Agora, uma equipa de cientistas de Israel e dos Estados Unidos analisou o que acontecia em 15 pessoas com epilepsia, que já estavam a fazer um tratamento em que lhes eram implantados eléctrodos em diferentes regiões do cérebro para localizar o foco da doença e serem depois operadas.
Na experiência, a equipa começou por apresentar aos participantes fotografias muito detalhadas de pessoas famosas, como Barack Obama, Leonardo DiCaprio e Uma Thurman, ou de monumentos, como a Estátua da Liberdade. Os participantes tinham então de memorizar essas fotografias. Mais tarde, de olhos vendados, relembraram-nas e descreveram-nas detalhadamente.
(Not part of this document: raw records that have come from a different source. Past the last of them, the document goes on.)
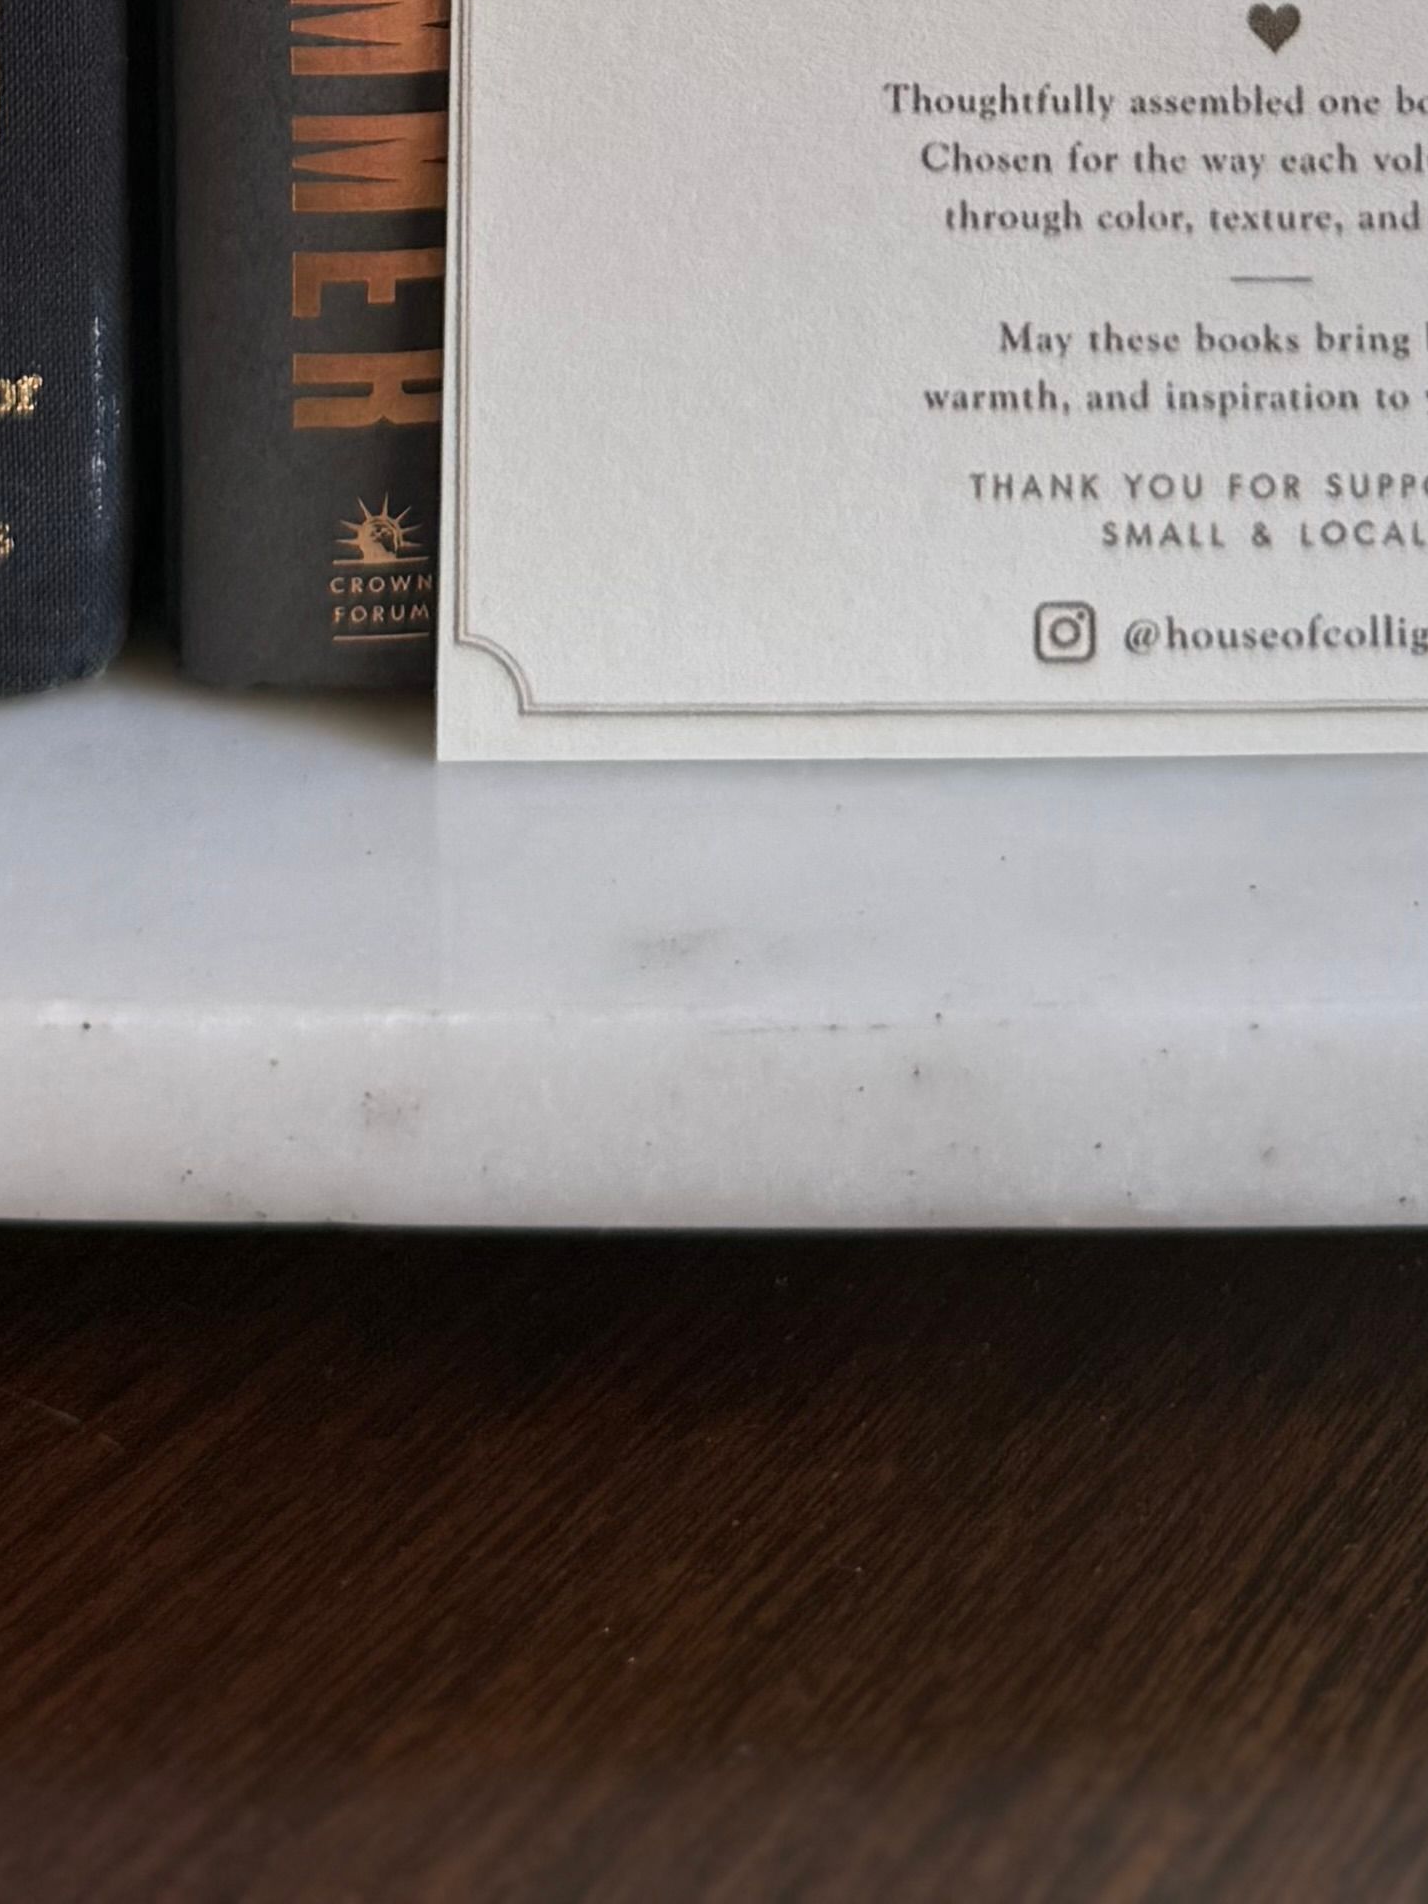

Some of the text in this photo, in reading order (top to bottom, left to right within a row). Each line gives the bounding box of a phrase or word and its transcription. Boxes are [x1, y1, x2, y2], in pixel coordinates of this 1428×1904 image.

[881, 81, 1116, 125] Thoughtfully
[1129, 83, 1305, 118] assembled
[1317, 94, 1381, 117] one
[919, 140, 1053, 176] Chosen
[1067, 139, 1119, 175] for
[1133, 140, 1188, 176] the
[1200, 153, 1266, 183] way
[1279, 140, 1359, 177] each
[945, 198, 1084, 240] through
[1096, 198, 1195, 237] color,
[1209, 205, 1344, 238] texture,
[1357, 199, 1423, 233] and
[998, 320, 1073, 361] May
[1088, 320, 1181, 356] these
[1195, 320, 1301, 355] books
[1314, 320, 1411, 362] bring
[923, 378, 1071, 418] warmth,
[1086, 378, 1150, 414] and
[1165, 379, 1360, 422] inspiration
[1375, 386, 1411, 413] to
[968, 471, 1101, 503] THANK
[1123, 471, 1205, 503] YOU
[1227, 472, 1303, 503] FOR
[1101, 519, 1227, 552] SMALL
[1250, 519, 1274, 551] &
[329, 573, 433, 595] CROWN
[332, 603, 430, 625] FORUM
Ao mesmo tempo, a descrição das imagens e actividade cerebral correspondente (captada pelos eléctrodos implantados no hipocampo e no córtex cerebral, zona onde se formam representações visuais mais complexas) eram gravadas.
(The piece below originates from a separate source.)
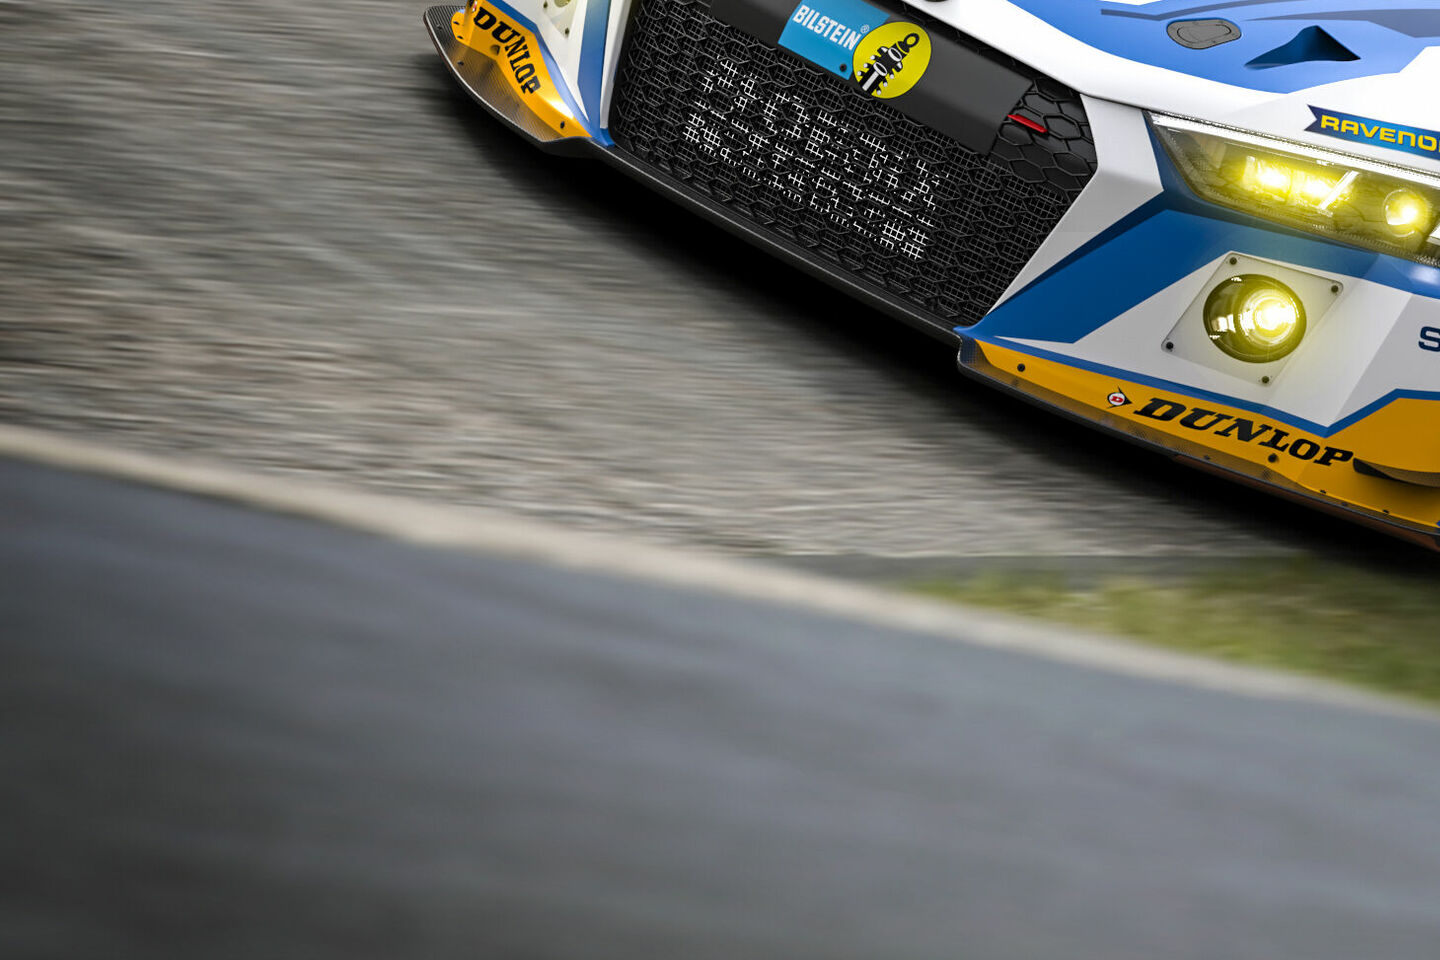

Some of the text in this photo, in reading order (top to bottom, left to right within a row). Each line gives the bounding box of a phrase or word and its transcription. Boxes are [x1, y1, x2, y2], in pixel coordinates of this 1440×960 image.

Verificou-se então que o cérebro gerava SWR durante a formação de memórias dessas fotografias e depois quando essas mesmas imagens são recordadas. Como? Observou-se que havia um grande número das rápidas explosões no hipocampo quando os participantes viam uma fotografia pela primeira vez e um subsequente aumento das SWR um ou dois segundos antes de as imagens serem recordadas e descritas.
“Houve mais explosões durante a formação das memórias [das fotografias] do que quando os participantes estavam a lembrar-se delas. Também houve mais explosões durante a primeira apresentação de cada fotografia do que em apresentações já repetidas”, esclarece ao PÚBLICO Yitzhak Norman, também Instituto de Ciências Weizmann e autor do trabalho.
Em todos os cérebros?
Além disso, a equipa registou actividade cerebral simultaneamente no hipocampo e no córtex, o que revela o papel fundamental do diálogo orquestrado entre estas duas partes do cérebro. “Fomos os primeiros a demonstrar que essas rápidas explosões no hipocampo surgem espontaneamente durante a recordação de memórias nos humanos e a mostrar que estão aliadas à actividade cortical [do córtex]”, frisa Yitzhak Norman.
Resumindo, tudo acontece assim: durante a formação de uma nova memória o hipocampo gera SWR. Depois, um ou dois segundos antes de nos lembramos dessa memória, essas explosões ressurgem. Durante essas explosões, as representações visuais no córtex relacionadas com a nova memória são reactivadas.
Mas, se este estudo foi só realizado em pessoas com epilepsia, também se aplica a todos os humanos? Yitzhak Norman refere que não é possível aplicar o mesmo método invasivo em pessoas sem epilepsia: “Contudo, estudos em roedores e primatas não humanos mostraram claramente que essas explosões ocorrem em cérebros sem epilepsia.”
Precisamente, como futuro trabalho, Yitzhak Norman gostaria de medir a actividade das SWR com métodos não invasivos, como a imagem de difusão por ressonância magnética funcional (fMRI, na sigla em inglês), para conseguir caracterizar detalhadamente essas explosões e investigar a sua ligação a doenças em que há défices de memória, como a de Alzheimer e o stress pós-traumático.
A compreensão de que as SWR têm um papel central na memória episódica humana poderá oferecer novos conhecimentos para aperfeiçoarmos ferramentas e métodos terapêuticos que melhorarão directamente processos de recuperação de doentes que sofrem défices de memória, como doentes com Alzheimer”, indica o cientista.
Numa das ilustrações que acompanha a divulgação deste trabalho, os cientistas fazem uma alusão ao fresco A Criação de Adão. Afinal, quando estamos a observar o tecto da Capela Sistina, em Roma, não há apenas uma explosão de beleza em frente aos nossos olhos, mas também um fogo-de-artifício no cérebro.